ENTRIES SUPPLIED:
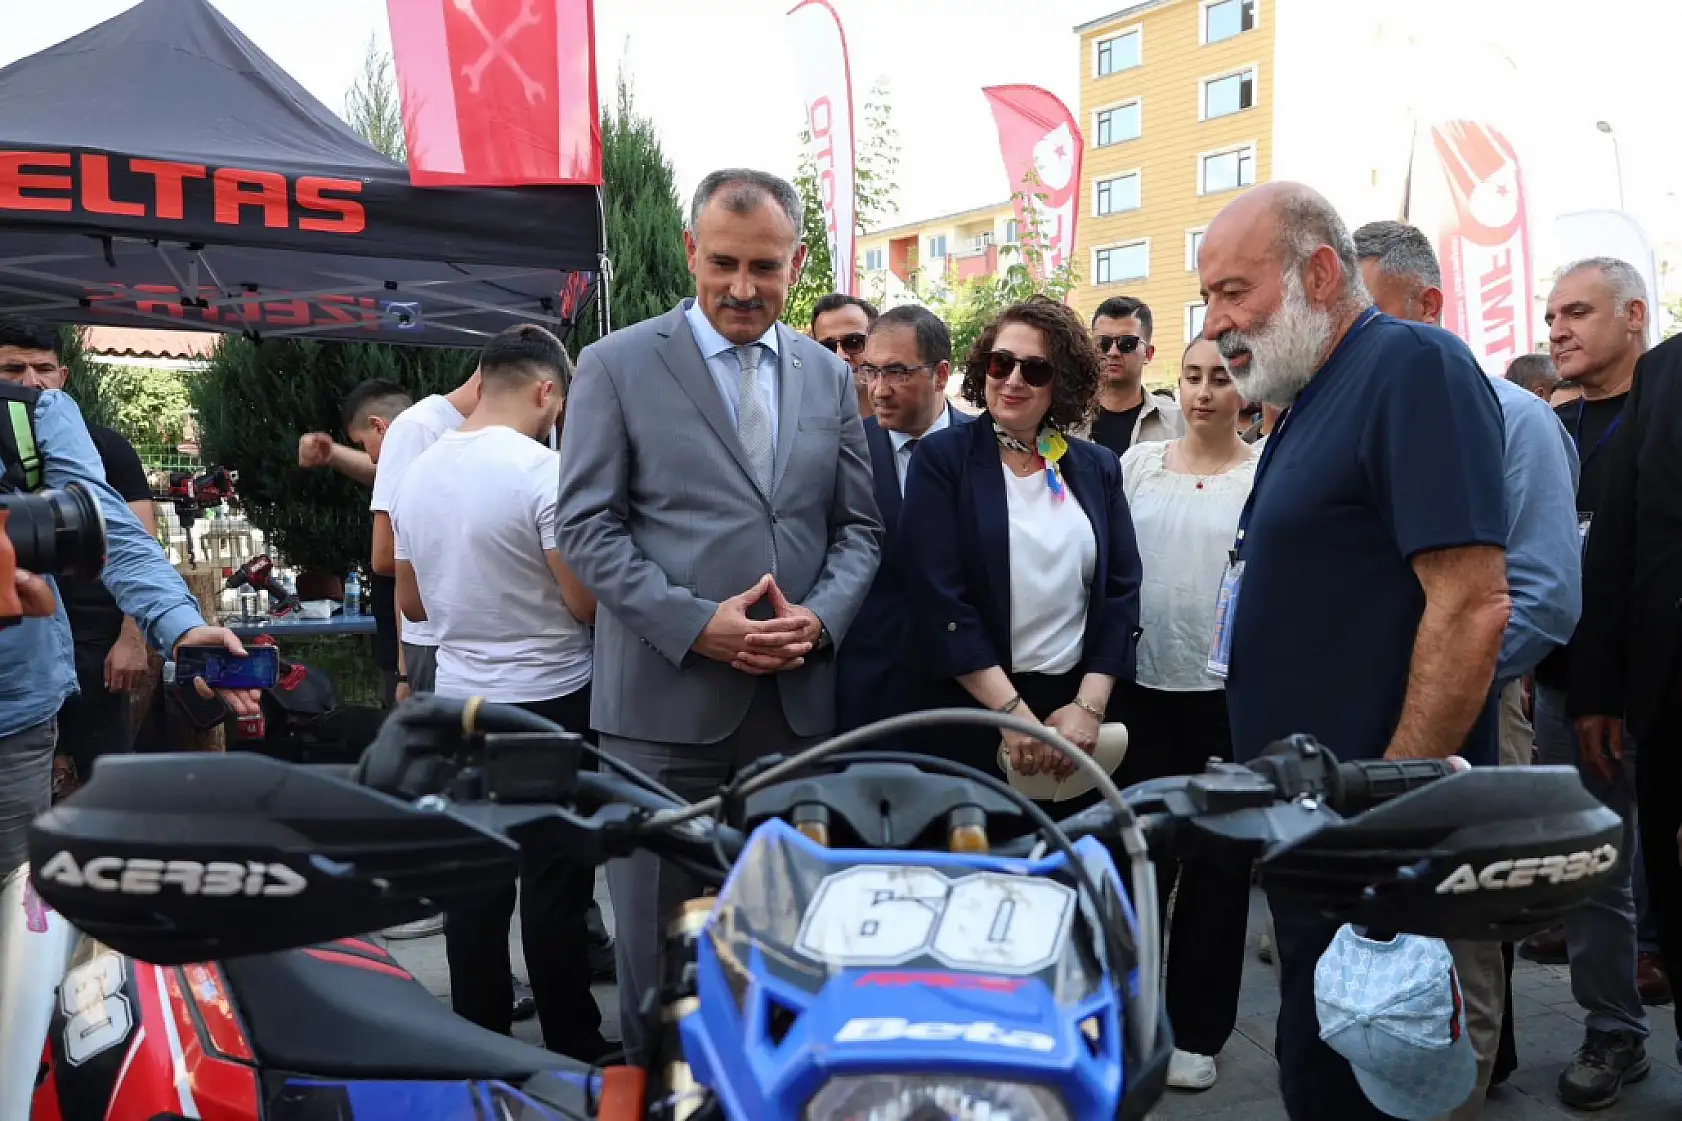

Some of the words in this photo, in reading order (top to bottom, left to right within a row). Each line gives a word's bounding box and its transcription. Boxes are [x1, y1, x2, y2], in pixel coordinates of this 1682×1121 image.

[0, 151, 366, 233] ELTAS
[794, 865, 1077, 974] 60
[834, 1017, 1056, 1051] Beta
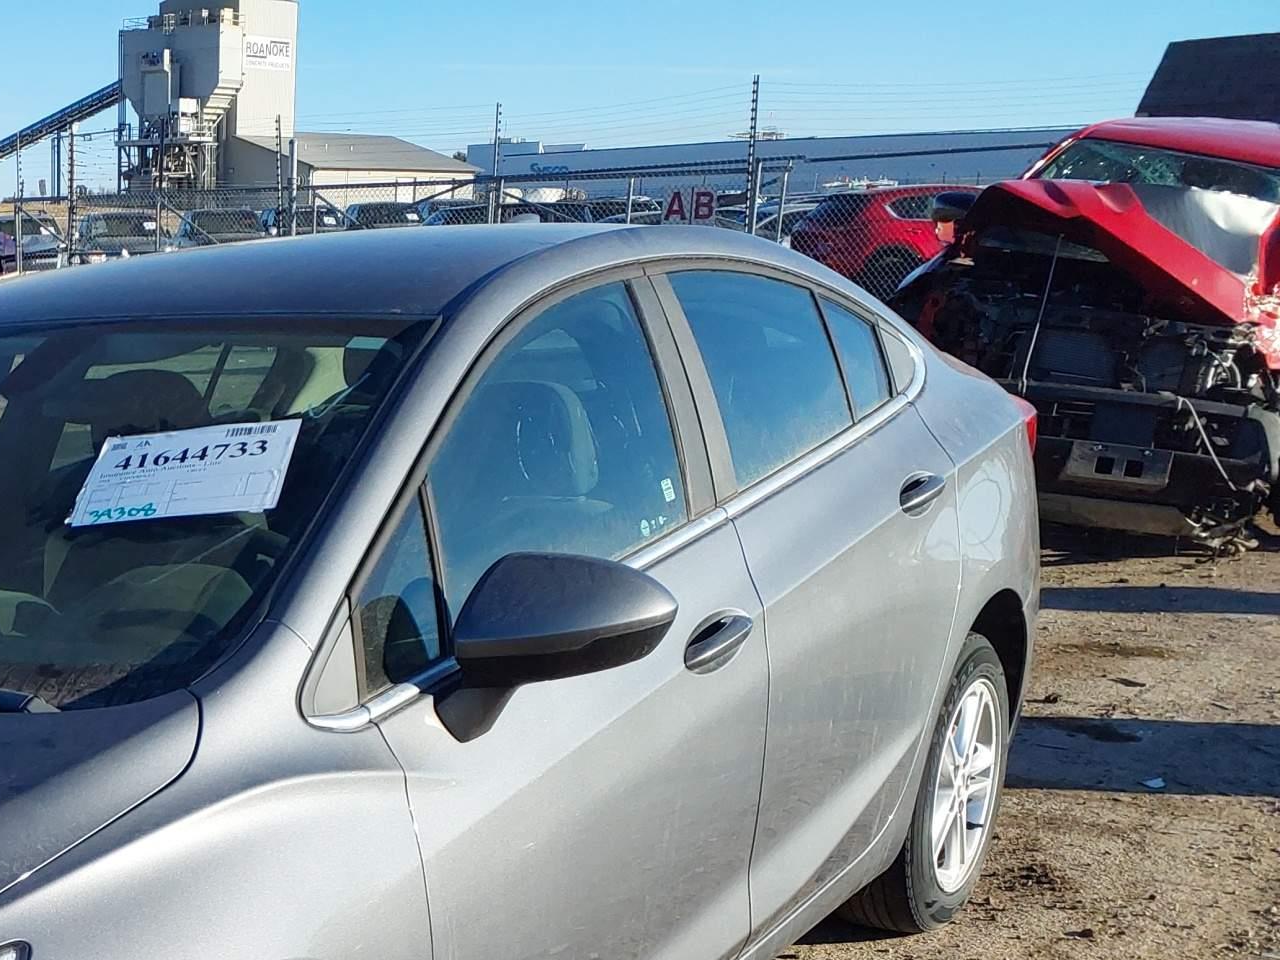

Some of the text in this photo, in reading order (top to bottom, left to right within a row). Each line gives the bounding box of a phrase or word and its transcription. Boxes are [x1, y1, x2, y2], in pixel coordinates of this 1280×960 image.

[246, 41, 290, 57] ROANOKE
[663, 191, 714, 220] A B
[114, 439, 269, 470] 41644733
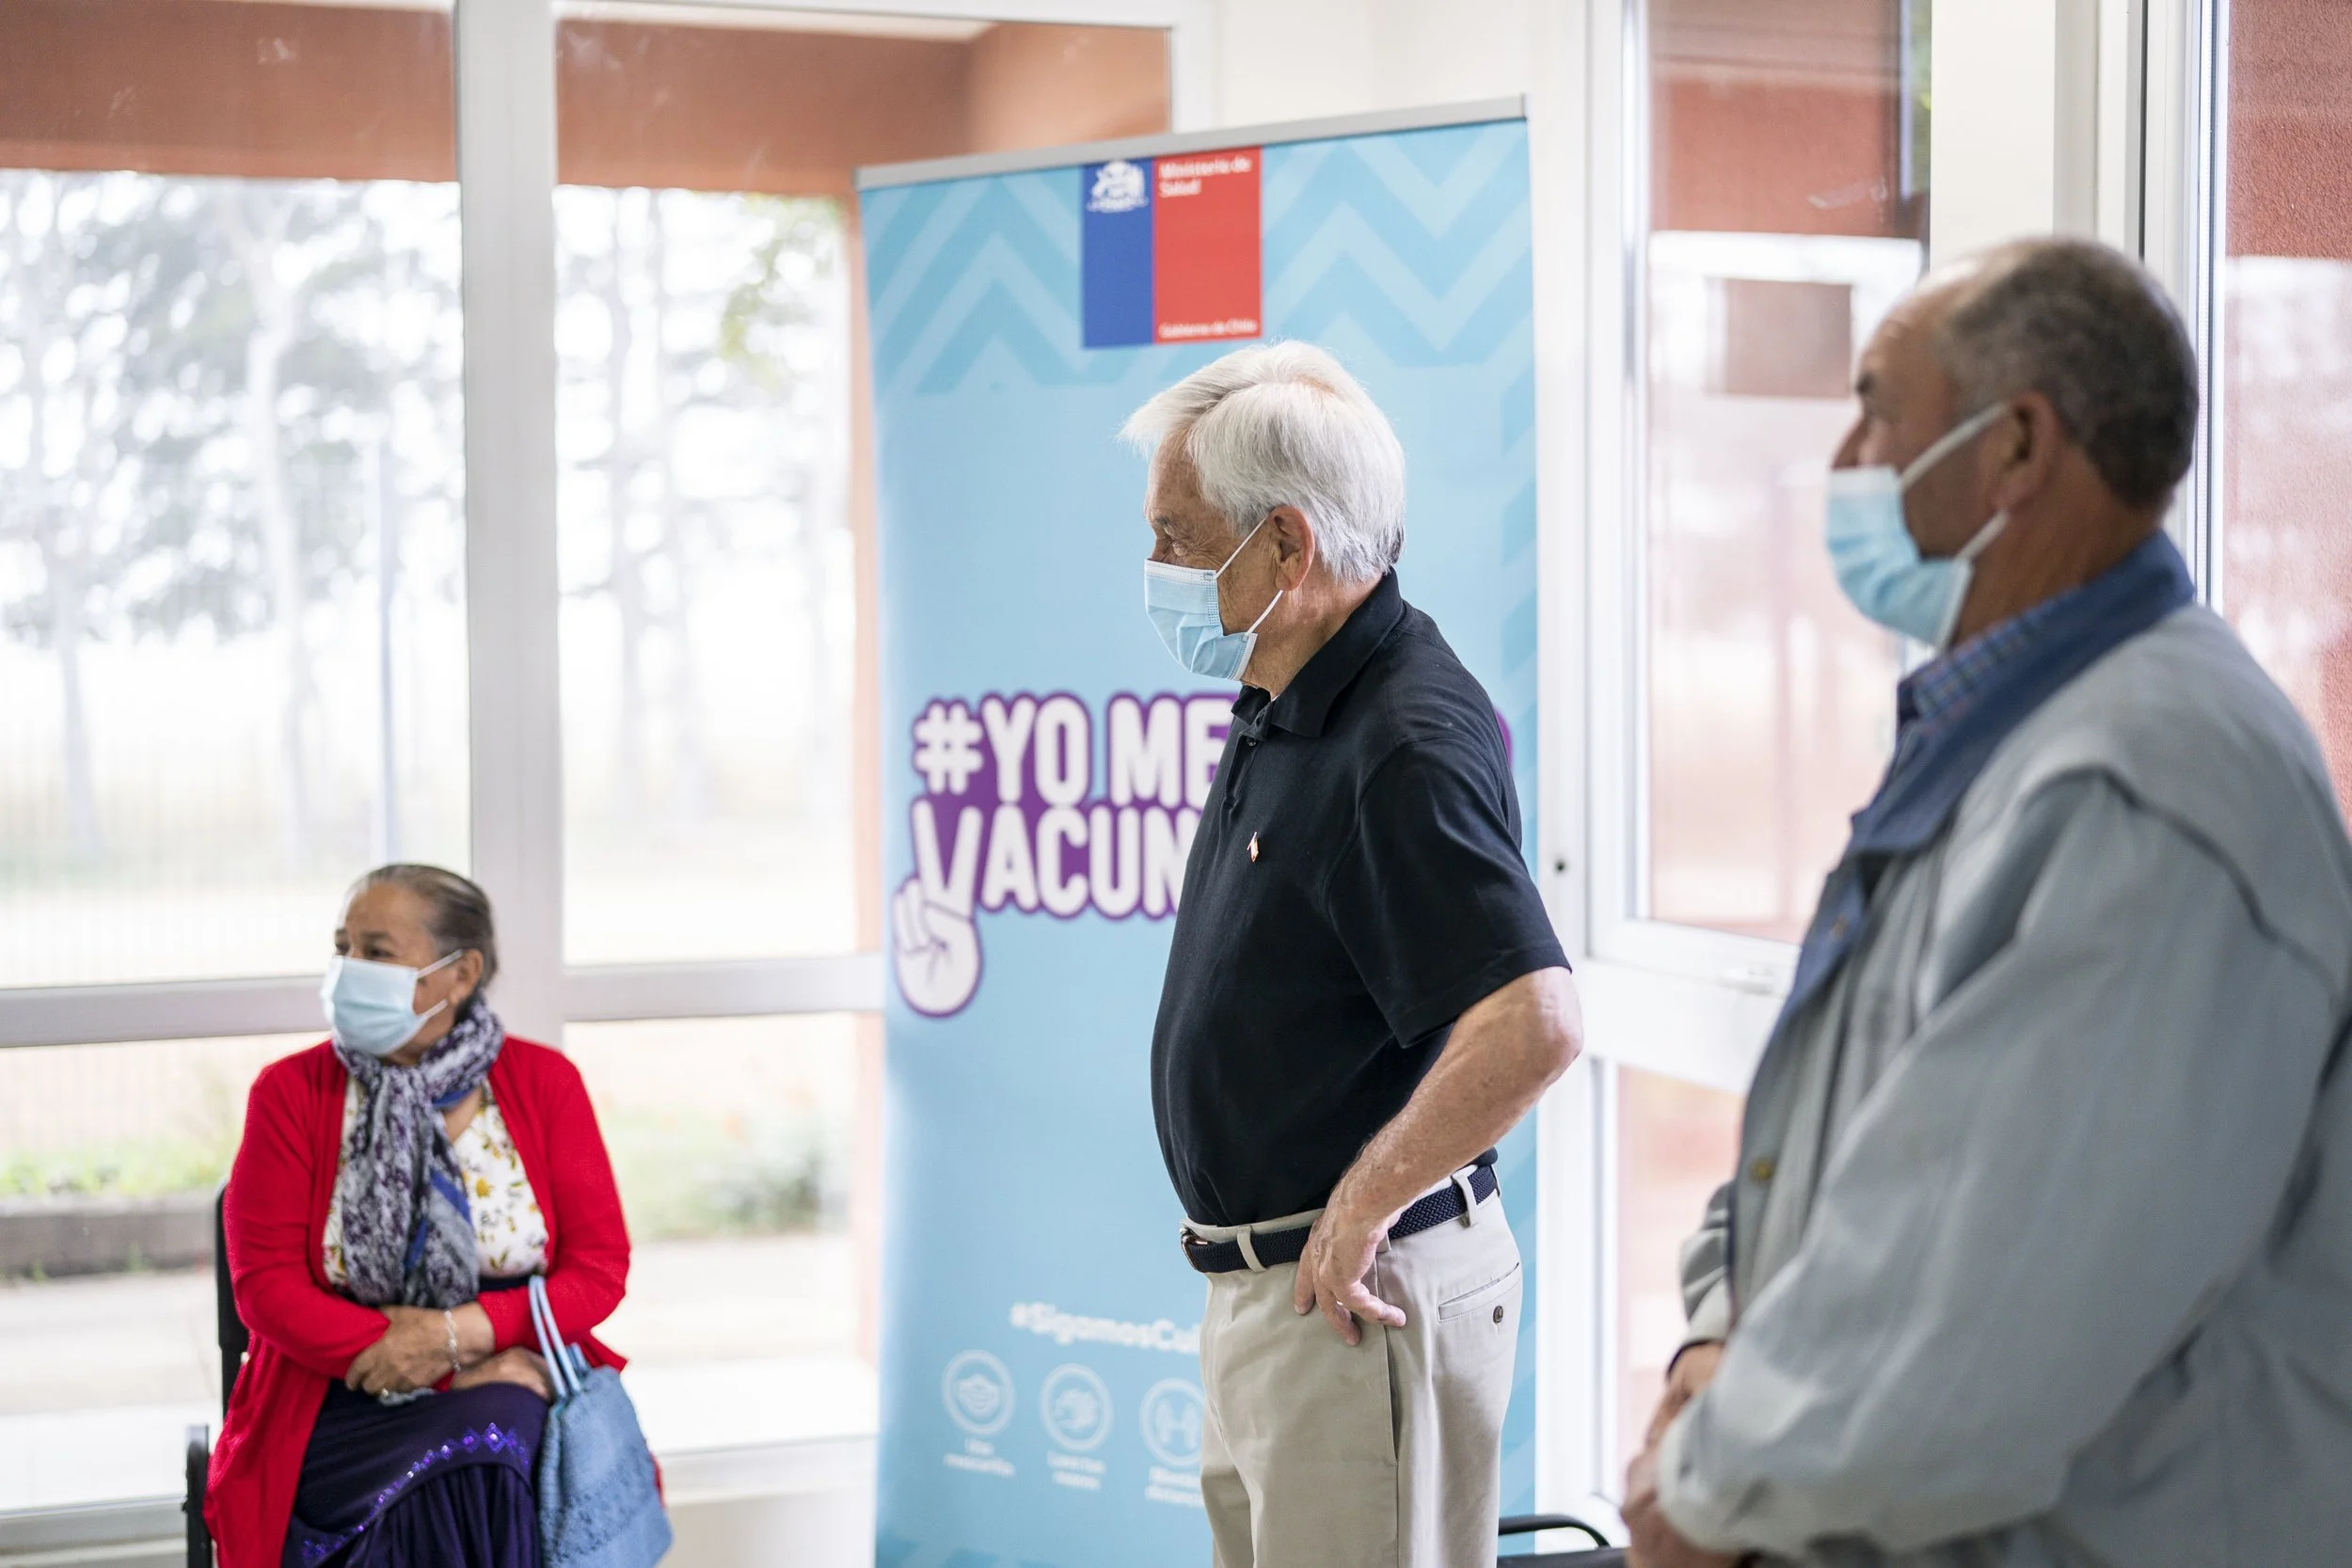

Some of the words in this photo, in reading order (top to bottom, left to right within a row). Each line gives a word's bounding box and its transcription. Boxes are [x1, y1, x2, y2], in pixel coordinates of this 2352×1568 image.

[1158, 179, 1201, 198] Salud
[913, 696, 1089, 807] #YO
[1110, 695, 1233, 809] ME

WORK INSTRUCTIONS: Return each line above exactly; any pictures are to be skipped.

RESULT:
Some of the words in this photo, in reading order (top to bottom, left to right within a row). Each line gives a word's bounding box and its transcription. Boxes are [x1, y1, x2, y2], in pixel coordinates of this 1682×1121 image.

[0, 151, 366, 233] ELTAS
[794, 865, 1077, 974] 60
[834, 1017, 1056, 1051] Beta

Some of the text in this photo, in reading order (top to bottom, left to right within a row). Each line gives the bounding box of a phrase or word and its transcription. Boxes are [x1, y1, x2, y2], in pixel coordinates of this 1280×960 image.

[246, 41, 290, 57] ROANOKE
[663, 191, 714, 220] A B
[114, 439, 269, 470] 41644733

Some of the words in this photo, in reading order (top to bottom, left to right within a row). Each line gives a word's bounding box and its transcription. Boxes are [x1, y1, x2, y2], in pixel coordinates of this 2352×1568 image.

[1158, 179, 1201, 198] Salud
[913, 696, 1089, 807] #YO
[1110, 695, 1233, 809] ME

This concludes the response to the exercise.